▸ **Assignment**
Nothing in the data should change when you return it, but leave the pictures out.

(Source data)
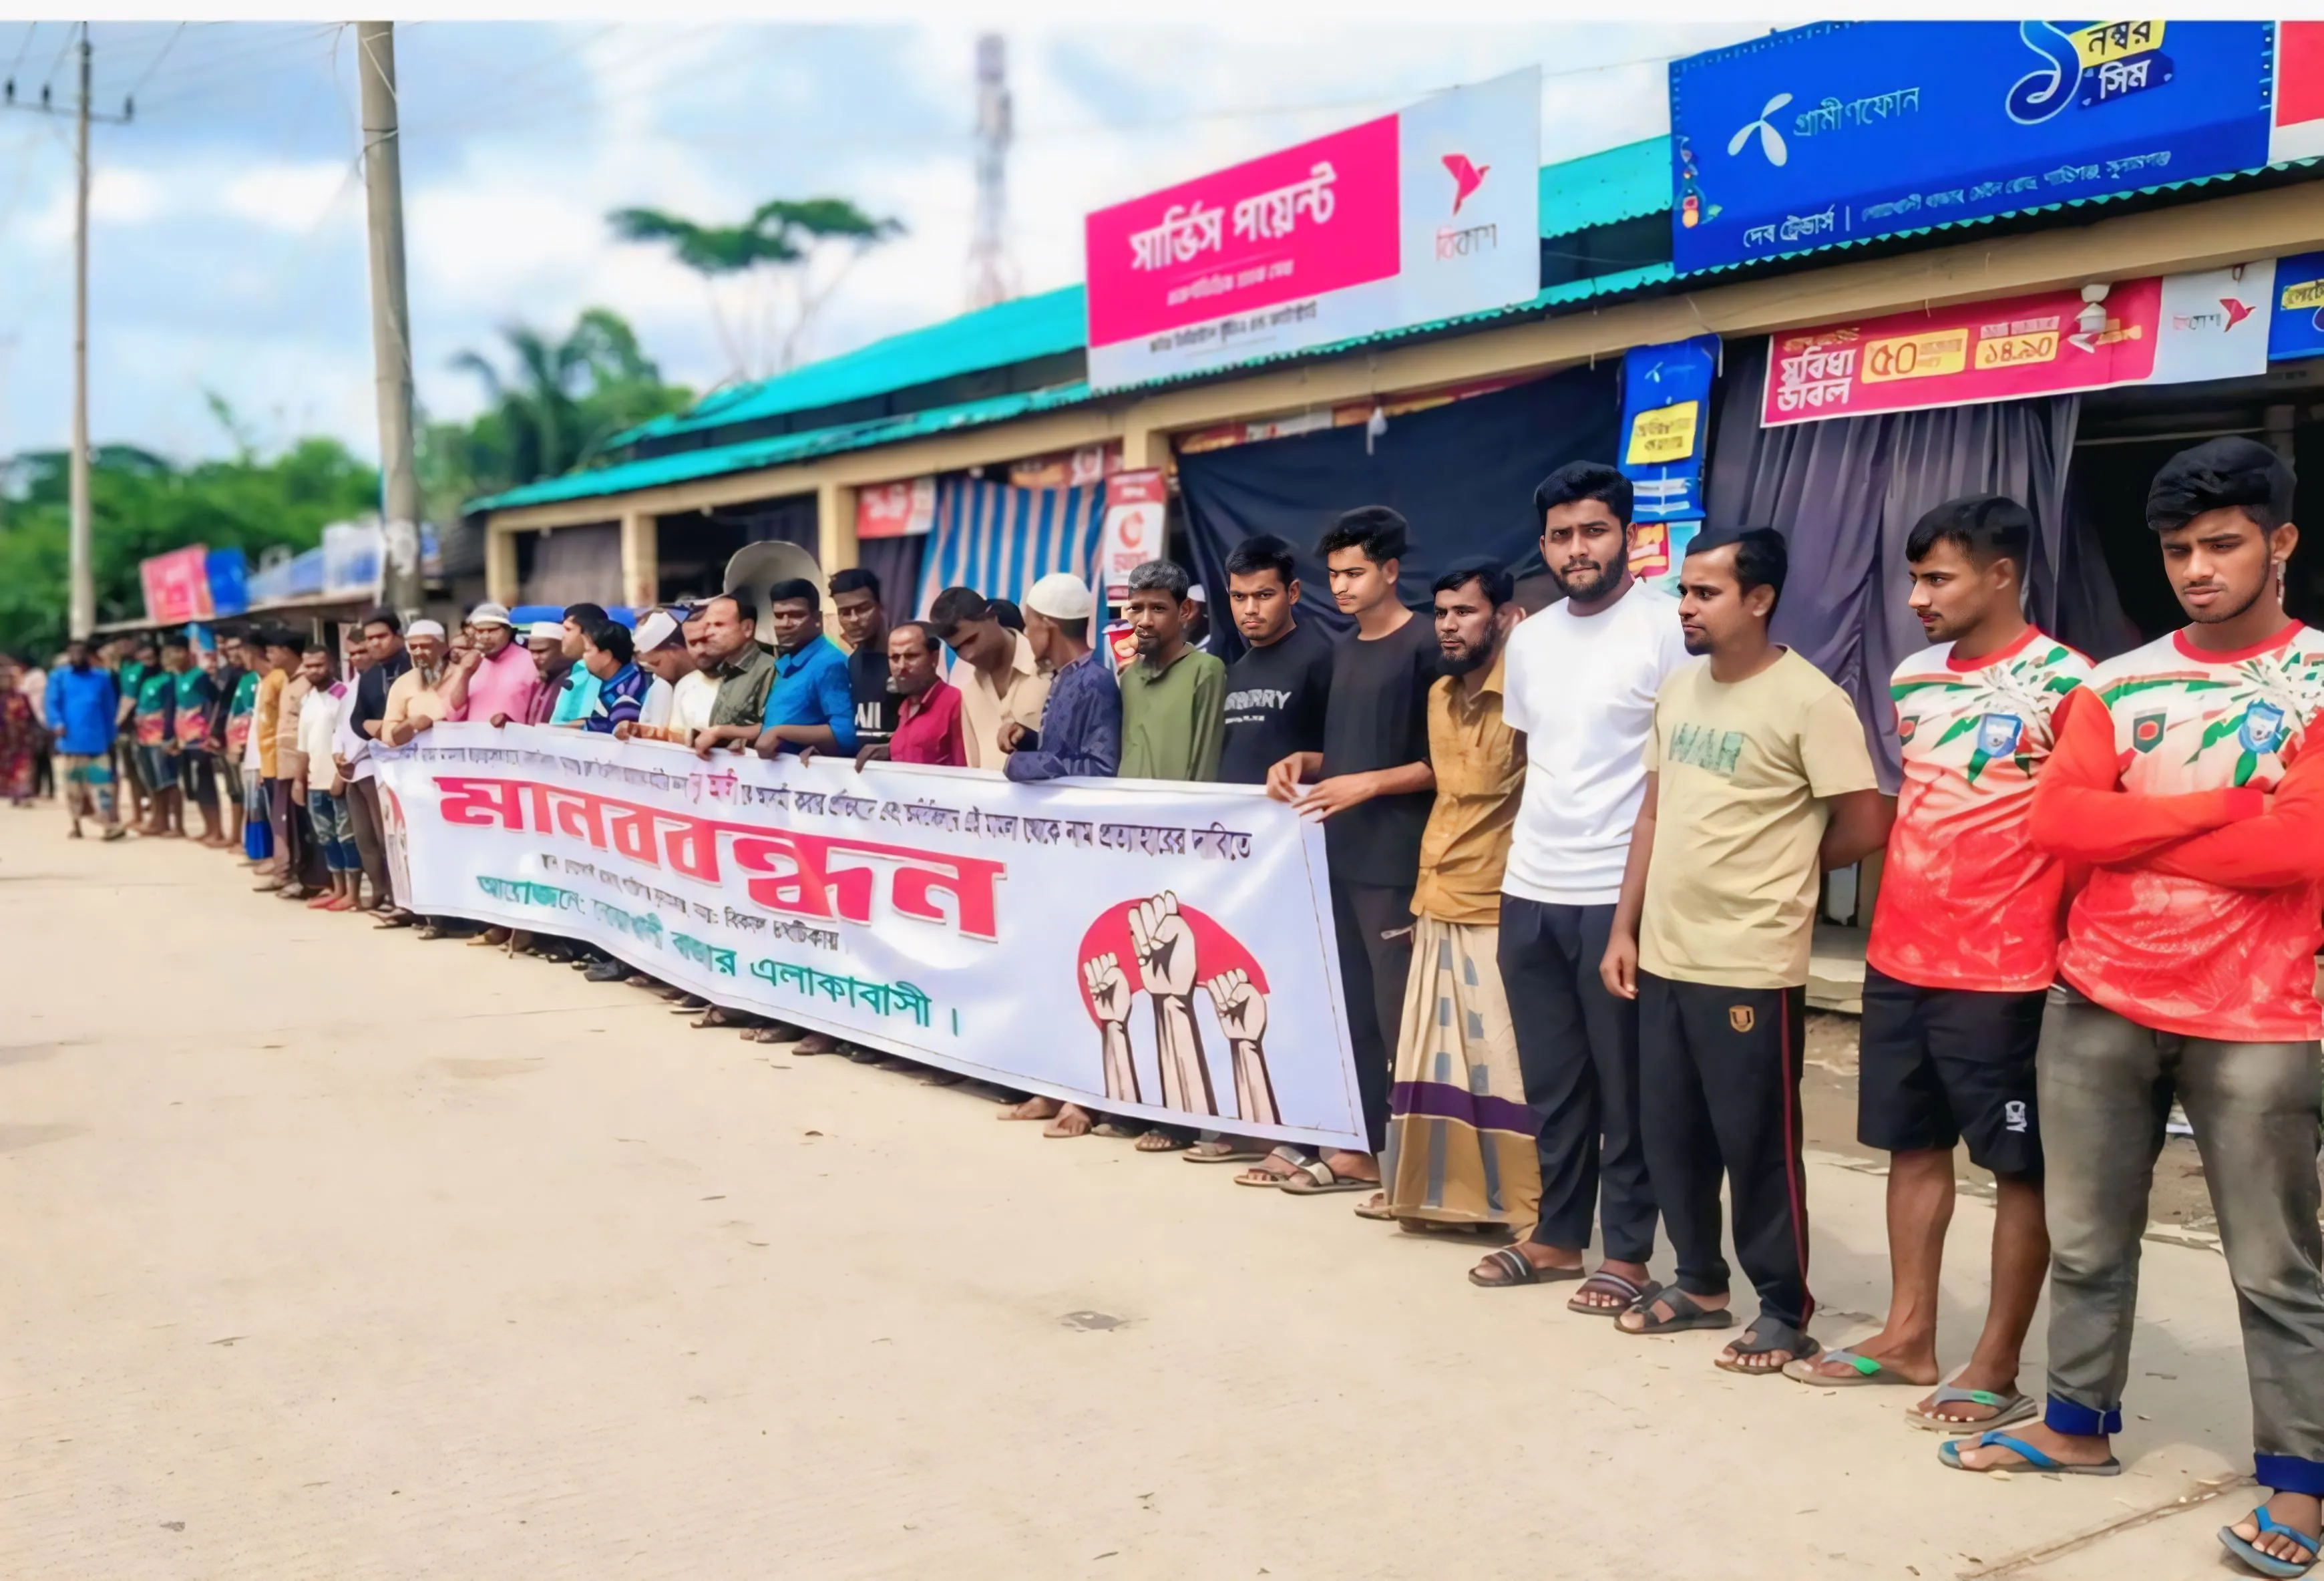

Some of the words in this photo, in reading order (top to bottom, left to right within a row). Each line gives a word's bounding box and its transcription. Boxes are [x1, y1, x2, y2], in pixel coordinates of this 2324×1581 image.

[2086, 21, 2151, 56] নম্বর
[2098, 59, 2152, 99] সিম
[1793, 87, 1920, 136] গ্রামীণফোন
[1129, 200, 1225, 271] সার্ভিস
[1233, 160, 1338, 242] পয়েন্ট
[1743, 224, 1776, 248] দেব
[1780, 345, 1857, 385] সুবিধা
[1869, 341, 1917, 376] ৫০
[1776, 376, 1853, 411] ডাবল
[431, 776, 1008, 944] মানববন্ধন
[749, 958, 933, 1028] এলাকাবাসী

▸ **Solution for this task**
Some of the words in this photo, in reading order (top to bottom, left to right within a row). Each line gives a word's bounding box and its transcription. Boxes are [x1, y1, x2, y2], in pixel coordinates of this 2324×1581 image.

[2086, 21, 2151, 56] নম্বর
[2098, 59, 2152, 99] সিম
[1793, 87, 1920, 136] গ্রামীণফোন
[1129, 200, 1225, 271] সার্ভিস
[1233, 160, 1338, 242] পয়েন্ট
[1743, 224, 1776, 248] দেব
[1780, 345, 1857, 385] সুবিধা
[1869, 341, 1917, 376] ৫০
[1776, 376, 1853, 411] ডাবল
[431, 776, 1008, 944] মানববন্ধন
[749, 958, 933, 1028] এলাকাবাসী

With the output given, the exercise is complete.